Phrase grounding data:
..........
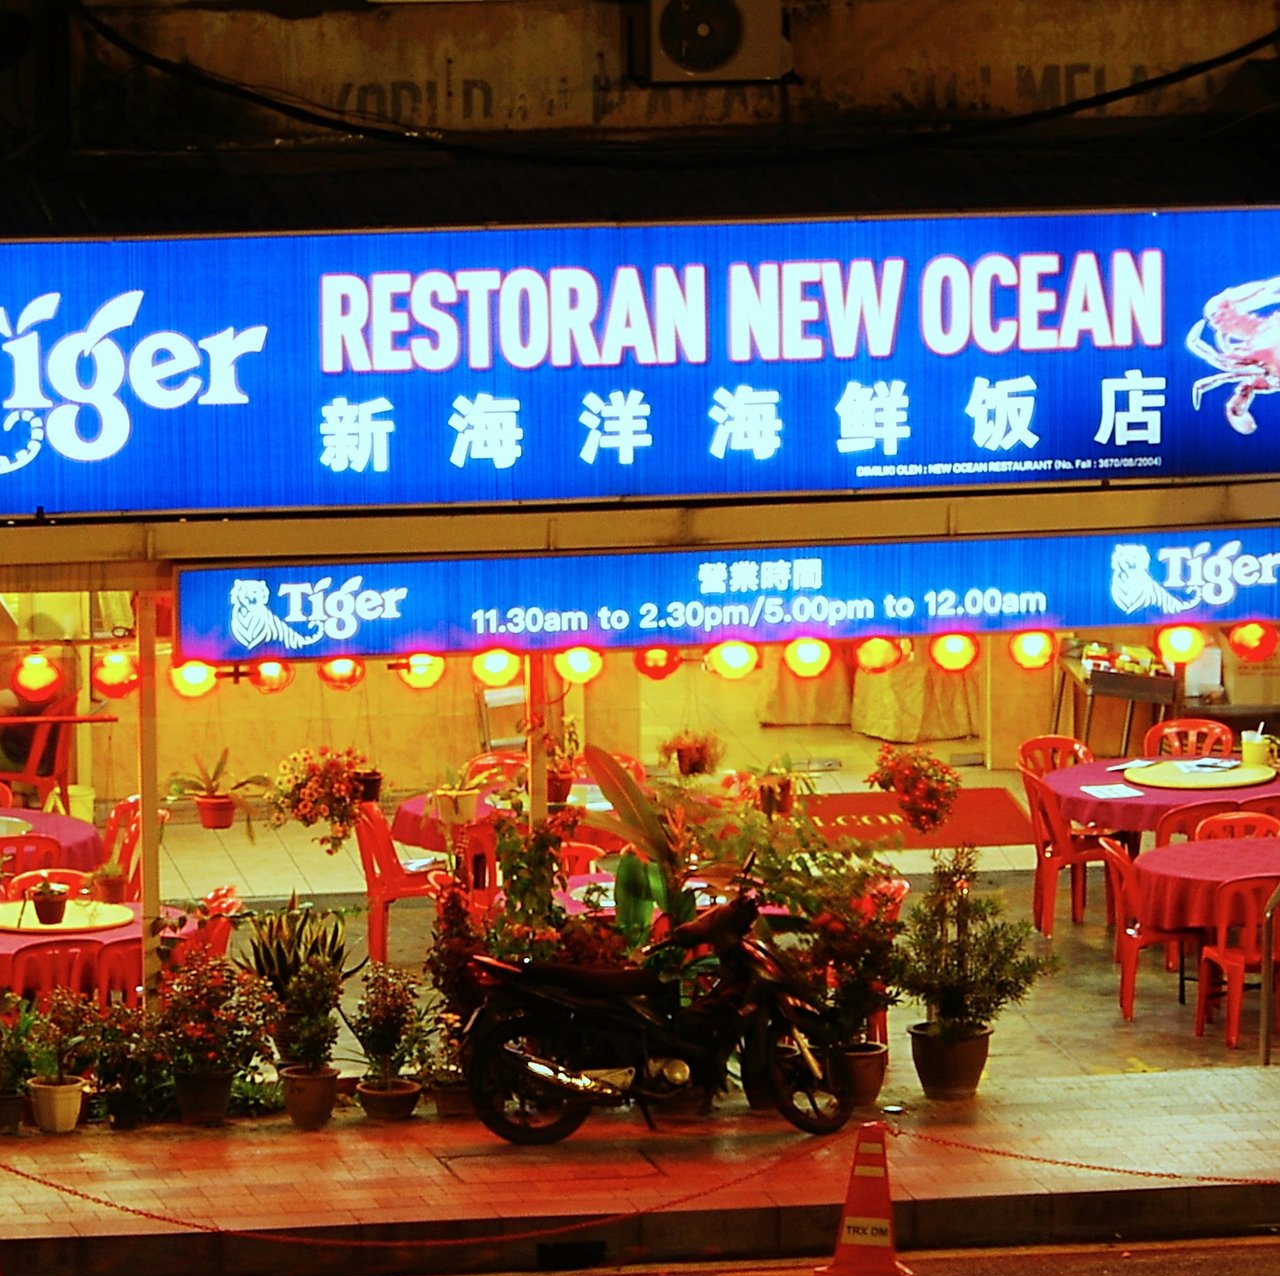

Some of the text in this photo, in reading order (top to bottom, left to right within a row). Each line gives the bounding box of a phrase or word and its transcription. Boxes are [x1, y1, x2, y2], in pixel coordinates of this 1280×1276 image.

[320, 247, 1164, 373] RESTORAN NEW OCEAN
[319, 368, 1167, 473] 新海洋海鲜饭店
[928, 463, 953, 475] NEW
[953, 461, 988, 474] OCEAN
[988, 459, 1054, 473] RESTAURANT
[697, 558, 823, 595] 營業時間
[277, 576, 408, 640] Tiger
[471, 587, 1047, 634] 11.30am to 2.30pm/5.00pm to 12.00am
..........
Restate every line above exactly, omitting images.

Some of the text in this photo, in reading order (top to bottom, left to right within a row). Each line gives the bounding box of a phrase or word and its transcription. Boxes are [x1, y1, x2, y2], in pixel coordinates of this 1280×1276 image.

[320, 247, 1164, 373] RESTORAN NEW OCEAN
[319, 368, 1167, 473] 新海洋海鲜饭店
[928, 463, 953, 475] NEW
[953, 461, 988, 474] OCEAN
[988, 459, 1054, 473] RESTAURANT
[697, 558, 823, 595] 營業時間
[277, 576, 408, 640] Tiger
[471, 587, 1047, 634] 11.30am to 2.30pm/5.00pm to 12.00am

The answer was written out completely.